* [WORK INSTRUCTION]
Could you transcribe every record below exactly as written, leaving out any pictures?

* [DATASET RECORDS]
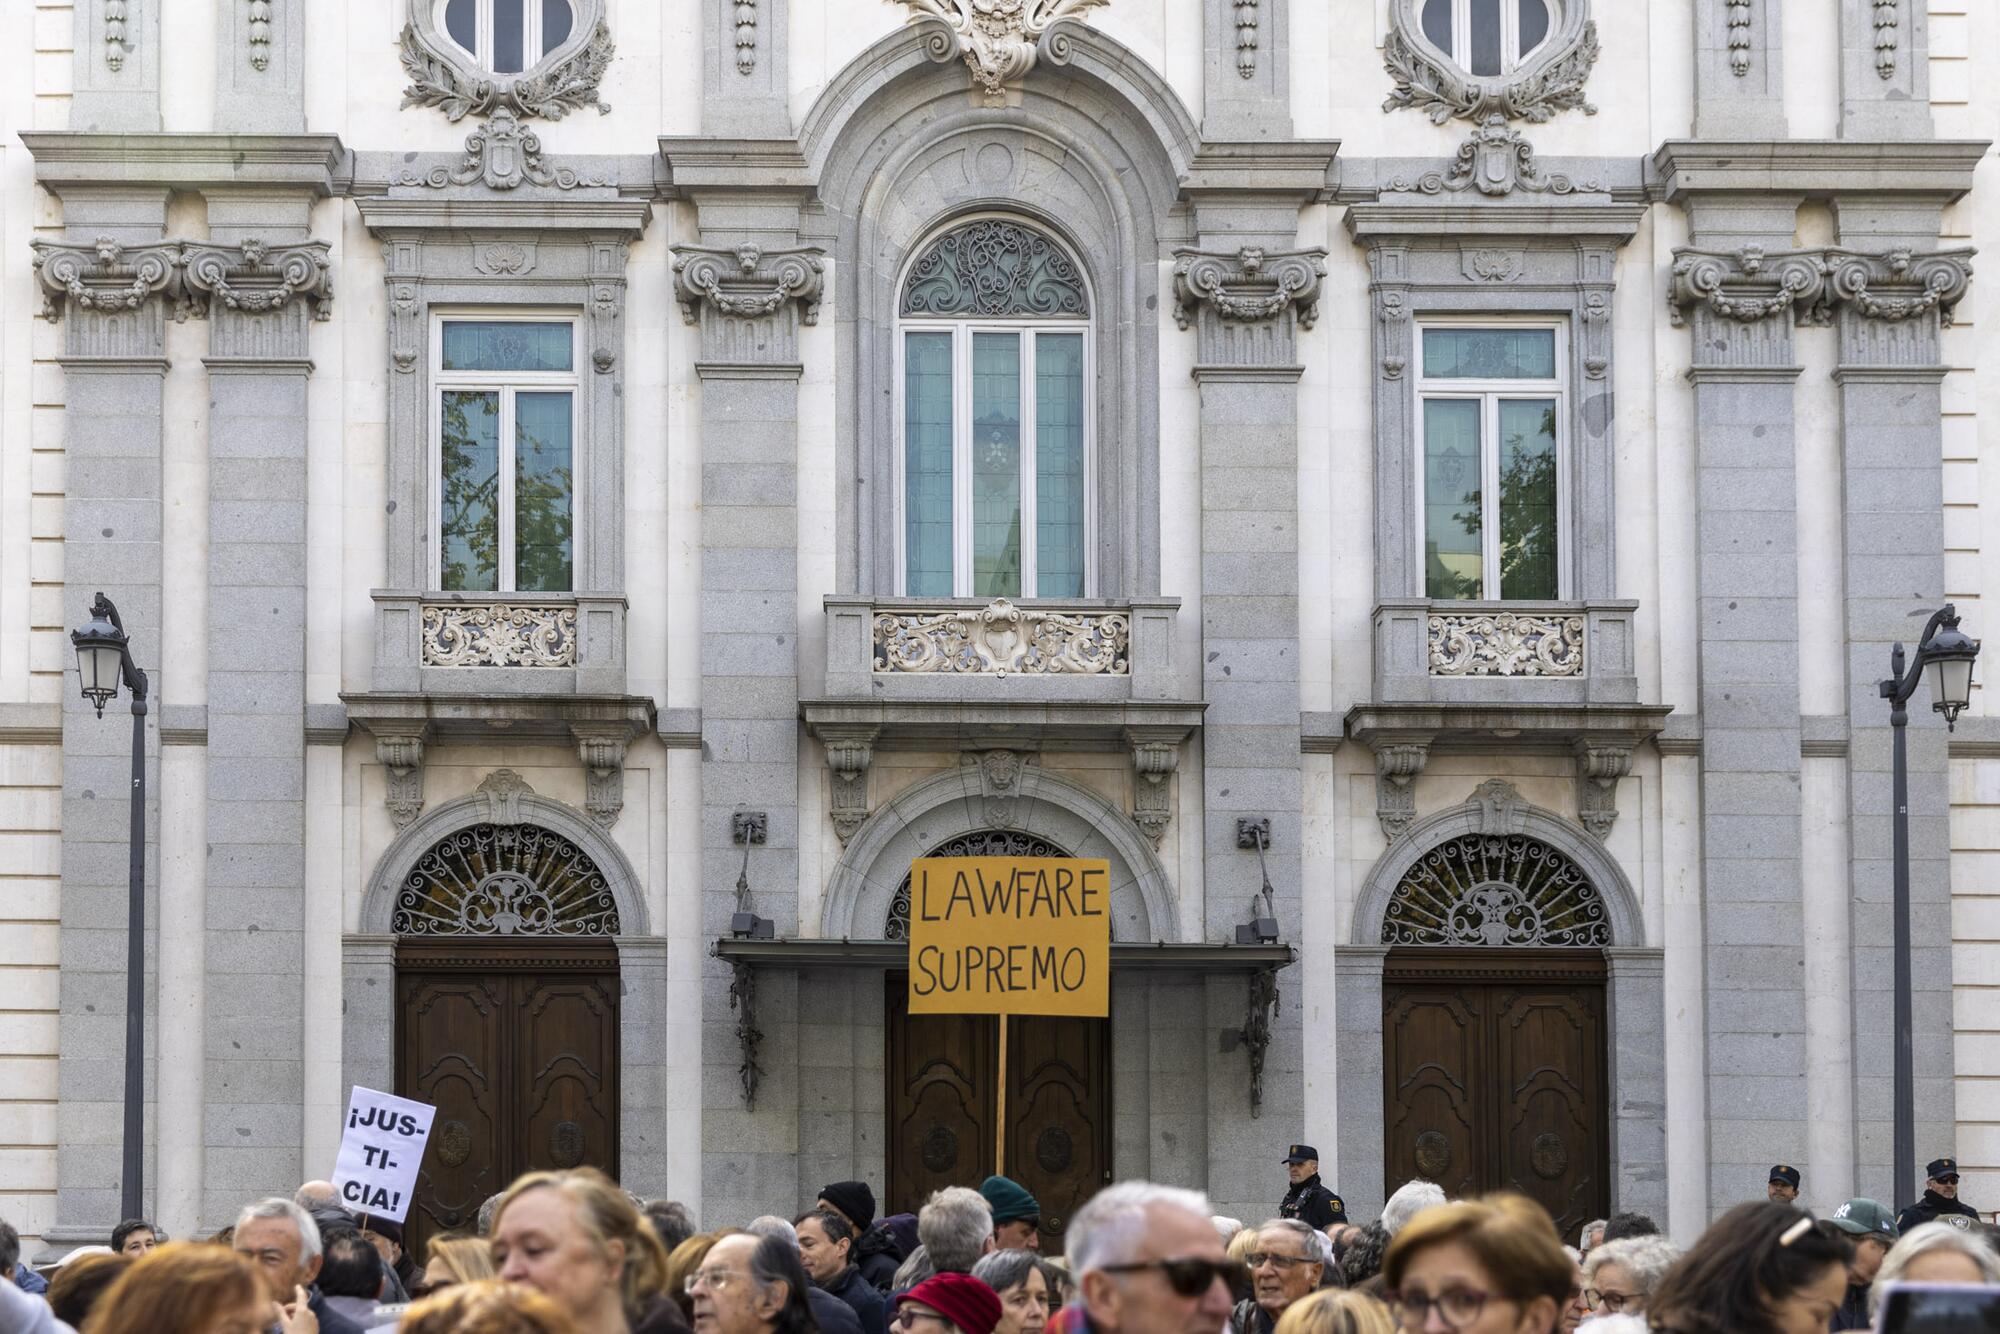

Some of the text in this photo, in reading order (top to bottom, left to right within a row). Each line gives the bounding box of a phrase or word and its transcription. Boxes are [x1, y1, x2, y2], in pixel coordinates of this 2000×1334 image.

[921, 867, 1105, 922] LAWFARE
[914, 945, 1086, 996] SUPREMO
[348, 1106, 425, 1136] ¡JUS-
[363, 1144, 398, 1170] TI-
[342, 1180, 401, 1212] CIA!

* [YOUR RESPONSE]
Some of the text in this photo, in reading order (top to bottom, left to right within a row). Each line gives the bounding box of a phrase or word and its transcription. Boxes are [x1, y1, x2, y2], in pixel coordinates of this 2000×1334 image.

[921, 867, 1105, 922] LAWFARE
[914, 945, 1086, 996] SUPREMO
[348, 1106, 425, 1136] ¡JUS-
[363, 1144, 398, 1170] TI-
[342, 1180, 401, 1212] CIA!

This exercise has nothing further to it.